Lebow recalled that in the Berlin marathon this year, a man died 50 yards from the start.

"Death hits people at a certain time and place and you can't always predict it," he said. "Yet you have to remember that there is a marathon in every city in the world, in every nook and cranny, {figuratively at} the North and South Pole. There are lots of runners, pressures, conditions and, annually, there are several thousand marathons and only one or two deaths."

Making the entire 26-plus miles is the professed goal of most participants in any marathon. So it is often more of a struggle for medical personnel to convince runners who are in need of care to stop than it is for the runner to complete the race.

"A lot of them fight you. They know if you pull their bar code off {the race number} they're done and they don't like it, they've come so far," said volunteer reserve nurse Lori Wilson at Aid Station 8.

Doing a marathon entails making it to the finish line, any way possible. Once on their way, runners will walk, stop and sit, lie down for a while -- anything to enhance their chances of eventually crossing that line. Lebow, who has run 21 marathons himself, insists runners do not compulsively ignore their bodies' signals in favor of reaching their goal.

"You know you should stop even if it's not important," he said. "And they do stop. I got letters after the last one saying 'Thank you for warning me, at 19 miles I felt woozy' and the runner was attended to by a medical person and dropped out or continued shortly after."
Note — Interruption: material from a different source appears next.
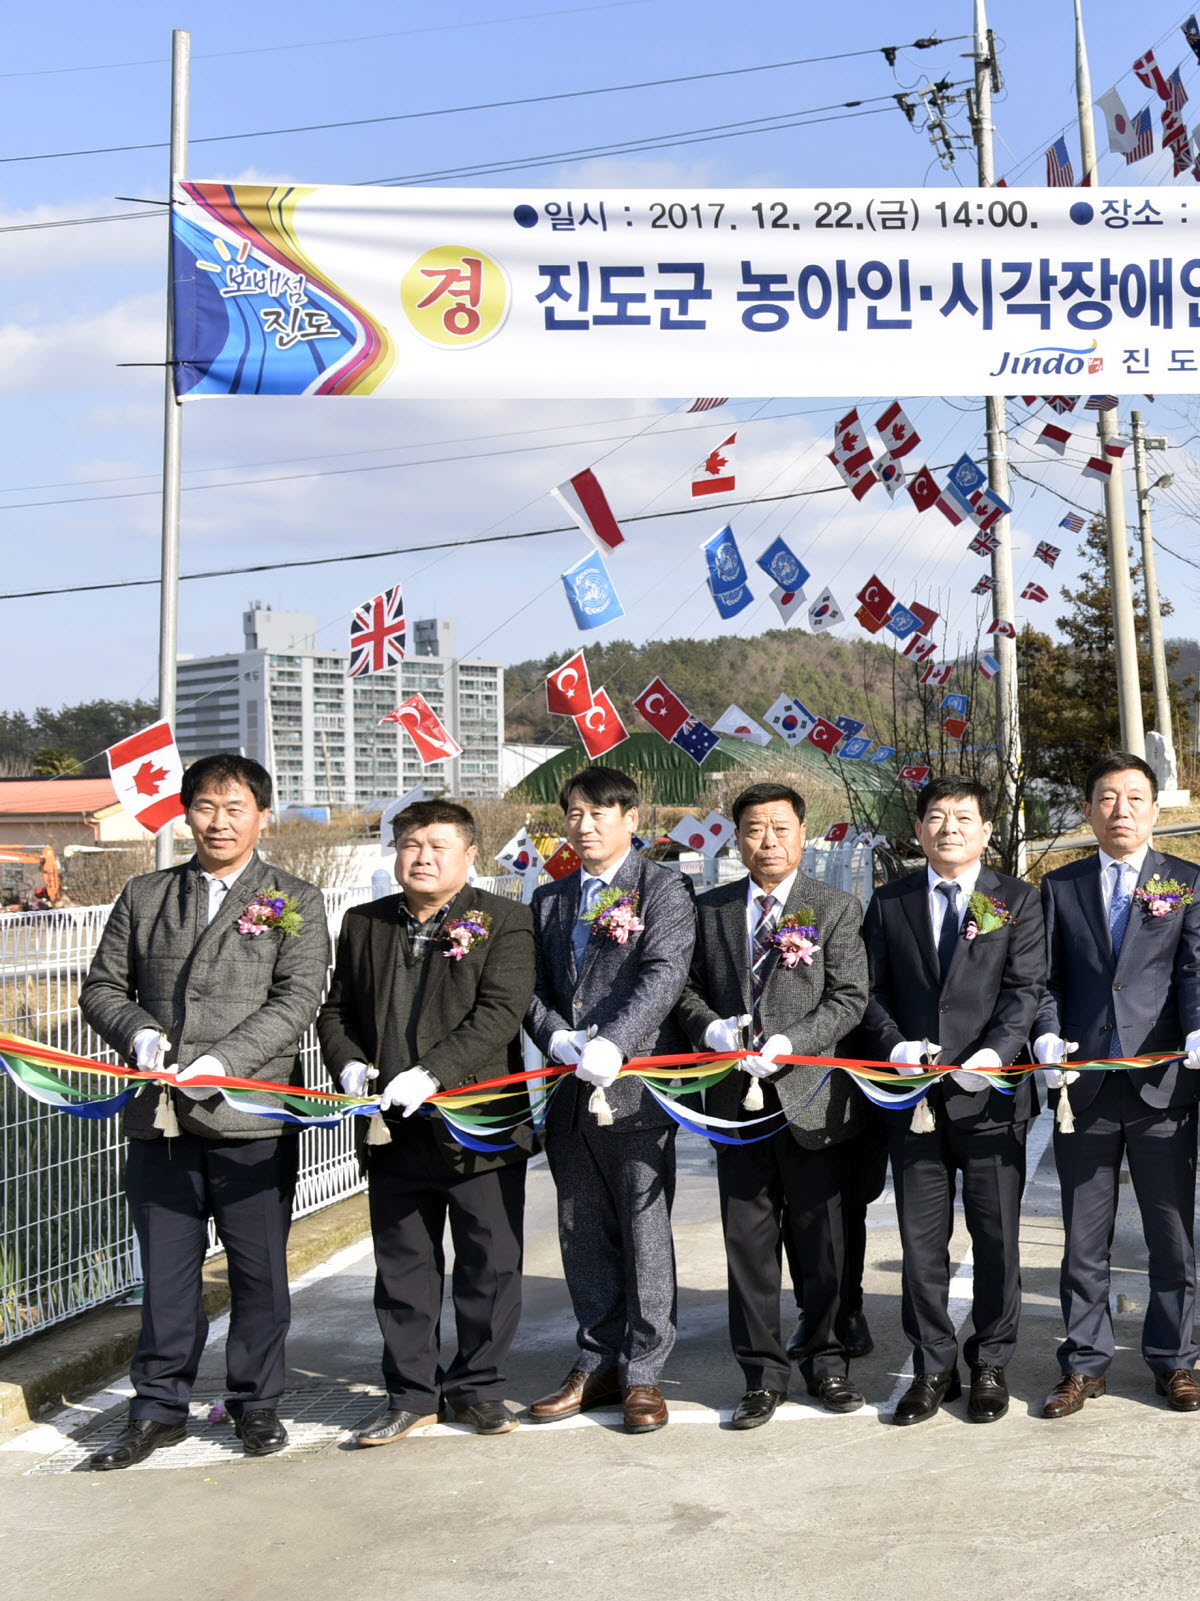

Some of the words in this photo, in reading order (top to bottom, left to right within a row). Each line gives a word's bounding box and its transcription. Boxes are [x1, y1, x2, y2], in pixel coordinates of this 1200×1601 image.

Jeff Darman, a Washington-based race organizer, took up road racing in 1971, returning to the sport he competed in during high school. He wanted to lose weight. He ran his first marathon within about six months, qualifying for Boston and running it two months later.

"In those days running a marathon was the ultimate achievement," he said. "If you were going to be a distance runner, running a marathon was proof that you really were. At a cocktail party, when you said you ran marathons, it's not like half the room did too. The masses hadn't taken it up yet."

Officials estimate that in one year, nowadays, worldwide at least a million people run the marathon. It is one of the few sporting events the novice and the elite can venture at the same time -- if not in the same time.

"You can't play football with the stars but running is unique because you can," said Darman. "You can be on the same road with the best in the world and you can say you did the same thing. That's one of its fascinations -- there's a mutual respect among marathoners, we all played the same game."

It is an irony of the sport that many of those in the rear approach the marathon with less trepidation than those who win. Many, like Darman, run their first marathon shortly after taking up jogging for health.

"So many elite athletes wait longer to do one than most first-timers," he said. "The elite athletes treat the marathon with much more respect than the average runner. The marathon isn't bad, it just needs more respect. You just have to be careful."